I Interview Playwrights Part 264: David Simpatico

David Simpatico

Hometown: Palisades Park, NJ

Current Town: New York City

Q:  What are you working on now?

A:  I tend to work on several pieces concurrently, though I am trying to narrow it down to two at a time. I've just been accepted into a year long opera training program at the American Lyric Theatre, so that entail a series of short projects through the year.

New projects I'm working on right now: an adult horror film version of HANSEL AND GRETAL; organizing my thoughts for WAITING FOR THE BALL TO DROP, a full length play about a year in the life of seven friends; APOCOLYPSE WOW, a vaudeville about the end of the world; and ORACLE a musical fantasy for young adults set in the world of Greek mythology. Oh, I just finished some one minute plays that appeared in the One Minute Play festival, that was a blast.

Q:  Tell me, if you will, a story from your childhood that explains who you are as a writer or as a person.

A:  In the fourth grade, I played the title role in our full scale production of MACBETH. My mother made my tunic from a Simplicity pattern, and the day of the cast party, I hid my pants and shirt in my duffle bag claiming someone had stolen my clothes, so I had to walk home in my tunic; that was perhaps the happiest day of my young life, walking home and twirling in my shakespeare tunic. I've been dancing the same dance ever since.

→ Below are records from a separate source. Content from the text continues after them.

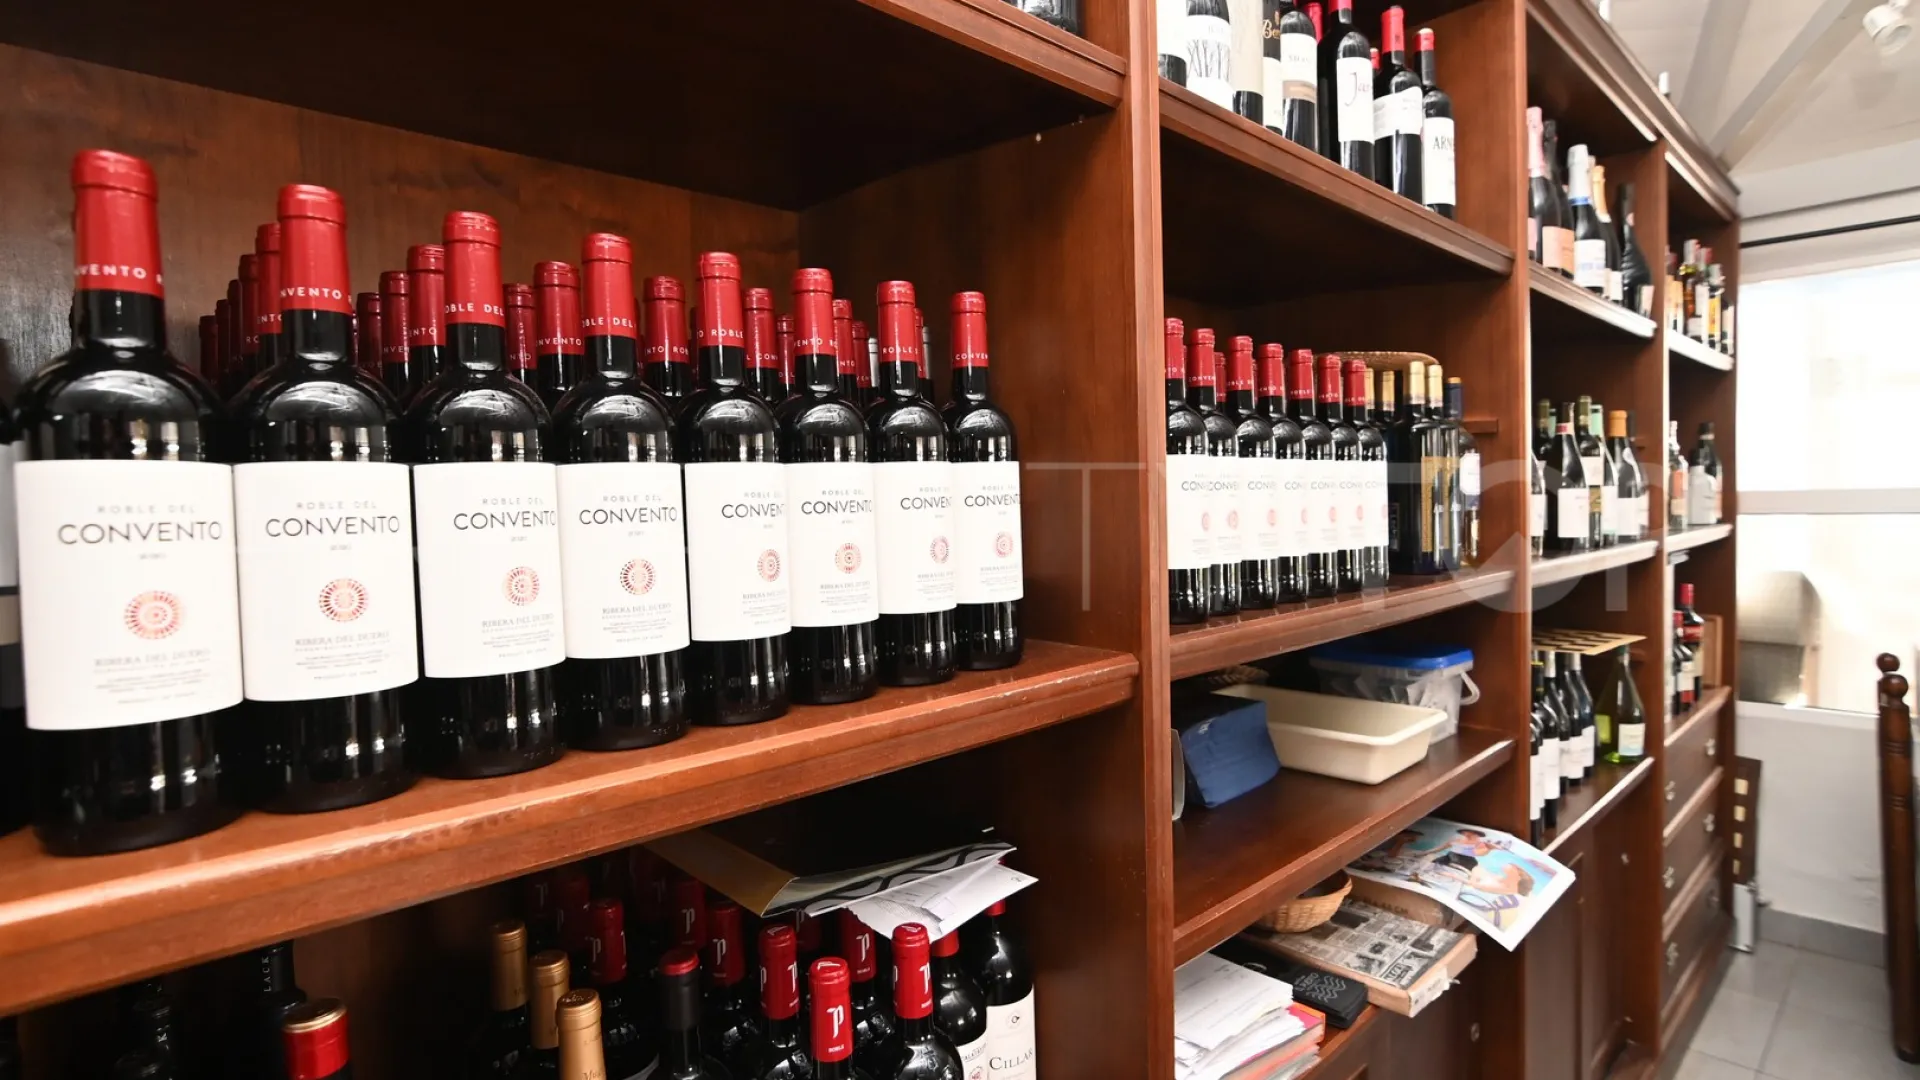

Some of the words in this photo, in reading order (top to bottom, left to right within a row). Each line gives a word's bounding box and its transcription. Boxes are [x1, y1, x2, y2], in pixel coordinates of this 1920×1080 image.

[483, 303, 504, 316] DEL
[613, 317, 633, 328] DEL
[579, 506, 678, 525] CONVENTO
[58, 521, 222, 545] CONVENTO
[265, 515, 400, 538] CONVENTO

Q:  If you could change one thing about theater, what would it be?

A:  I would urge my peers and the next generation to write for the theatre, not for the sofa. The lack of theatricality in theatrical plays is astounding. Use the parameters of the living space rather than limiting the material to what we accept as familiar. Engage my imagination. Enrage me. Anything, just don't put me to sleep.

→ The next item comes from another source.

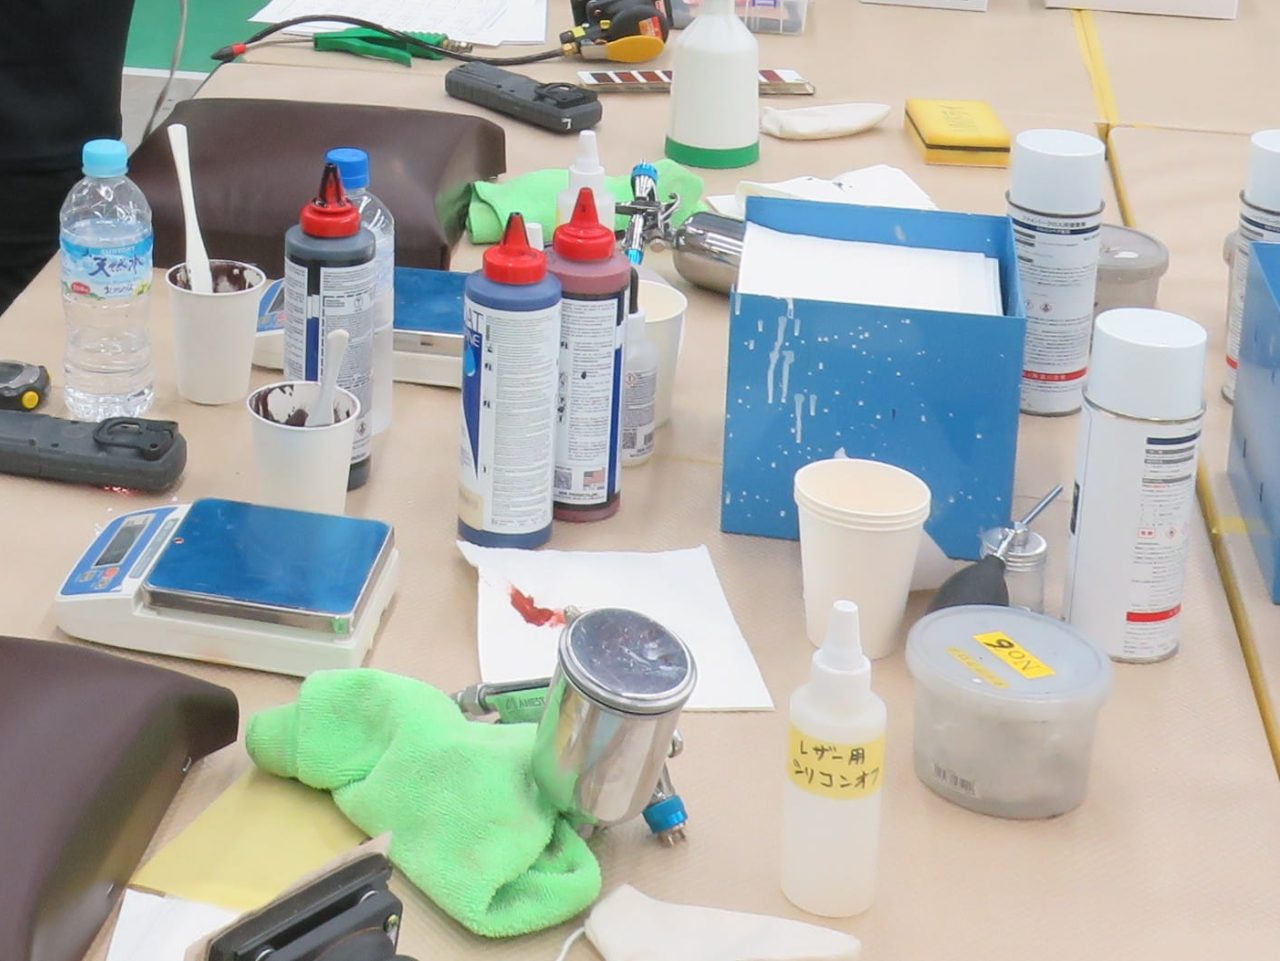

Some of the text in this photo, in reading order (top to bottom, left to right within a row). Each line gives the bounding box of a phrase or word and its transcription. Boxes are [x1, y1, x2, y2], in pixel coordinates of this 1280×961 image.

[87, 252, 144, 278] 天然水
[799, 740, 866, 766] レザー用
[792, 758, 880, 789] シリコンオフ

Q:  Who are or were your theatrical heroes?

A:  Caryl Churchill; Tennessee Williams; Euripides; Shakespeare; Franco Dragone; Martha Graham; Zero Mostel. August Wilson. Charles Ludlum.

Q:  What kind of theater excites you?

A:  Visceral theatre excites me; something that expands my engagement beyond the restrictions of my chair. Expand my experience to the four walls of the theatre, to the farthest walls of my heart. Theatre that entertains me, from Maggie Smith in Lettuce and Lovage to the flying acrobatic dancers at the Streb Lab out in Willamsburg. I have had my fill of courtroom dramas and lectures on art, thanks.

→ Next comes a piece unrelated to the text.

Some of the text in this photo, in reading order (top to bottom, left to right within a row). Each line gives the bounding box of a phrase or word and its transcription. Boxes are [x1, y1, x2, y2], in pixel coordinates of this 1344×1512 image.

Q:  What advice do you have for playwrights just starting out?

A:  Take acting classes, perform, get your ass onto a stage and understand from the inside out what you are asking people to do; perform solo, your own material; read the whole play out loud to a small group of friends so you can hear your 'voice' on all levels; band together with friends and put your work up ANYWHERE you can, but stay in the live element; there is nothing that will illuminate the live theatre experience more than actual live performance. Film and video will not teach you what you need to learn as a playwright. And never stop discovering what you don't yet know: push yourself into dark waters.

Q:  Plugs, please:

A:  new pieces I'm pushing: CRUEL SHOES, an adult backstage musical comedy about a killer chorus boy with four homicidal female multiple personalities (http://www.cruelshoesthemusical.com/)
and THE SCREAMS OF KITTY GENOVESE, a rock opera about the infamous 1964 murder of a young woman while 38 neighbors watched and did nothing (http://thescreamsofkittygenovese.com/)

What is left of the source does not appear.